We want to block these bots but I'm wondering which method is the best performance wise or if it really doesn't matter.

So, does anyone have any recommendations for blocking bad bots?
 

Handssler Lopez

Well-Known Member
Apr 30, 2019
84
24
8
Guatemala
cPanel Access Level
Root Administrator
the best recommendation would be robots.txt so you block the bad ones and allow the good ones.

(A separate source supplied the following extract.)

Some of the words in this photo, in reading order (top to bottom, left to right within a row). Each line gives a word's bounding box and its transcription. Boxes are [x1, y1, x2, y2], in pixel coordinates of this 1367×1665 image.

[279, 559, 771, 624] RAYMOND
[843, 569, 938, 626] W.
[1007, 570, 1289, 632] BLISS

* Even if you configure it, you decide whether or not to follow the instructions, blocking robots through apache is not very convenient, there may be problems with advertising campaigns, site validators, etc.
 
  • Like
Reactions: cPanelAnthony

DennisMidjord

Well-Known Member
Sep 27, 2016
286
47
78
Denmark
cPanel Access Level
Root Administrator
@Handssler Lopez I'm only talking about bad bots - not bots in general. Blocking access by configuring robots.txt is not a viable solution because a) we need to do it for every website on all of our servers, and b) it makes no difference if the bot doesn't respect robots.txt. A lot of them don't.
 

ffeingol

Well-Known Member
PartnerNOC
Nov 9, 2001
662
231
343
cPanel Access Level
DataCenter Provider
We just use mod_secuity.

Example of rules (that we picked up somewhere)

Code:
SecRule REQUEST_HEADERS:User-Agent "@rx (?:AhrefsBot)" "msg:'AhrefsBot Spiderbot blocked',phase:1,log,id:7777771,t:none,block,status:403"
SecRule REQUEST_HEADERS:User-Agent "@rx (?:MJ12bot)" "msg:'MJ12bot Spiderbot blocked',phase:1,log,id:7777772,t:none,block,status:403"
SecRule REQUEST_HEADERS:User-Agent "@rx (?:Yandex)" "msg:'Yandex Spiderbot blocked',phase:1,log,id:7777773,t:none,block,status:403"
SecRule REQUEST_HEADERS:User-Agent "@rx (?:SeznamBot)" "msg:'SeznamBot Spiderbot blocked',phase:1,log,id:7777774,t:none,block,status:403"
We grab the User-Agent for Apache logs and then just plug in. When you add another, you just need to increment the ID, so you don't have duplicates.
 

nootkan

Well-Known Member
Oct 25, 2006
152
9
168
There is a pretty good plugin that handles bad bots very well also. Just google "stopbadbots". The developer makes a plugin for wordpress and a stand alone plugin, I use both effectively.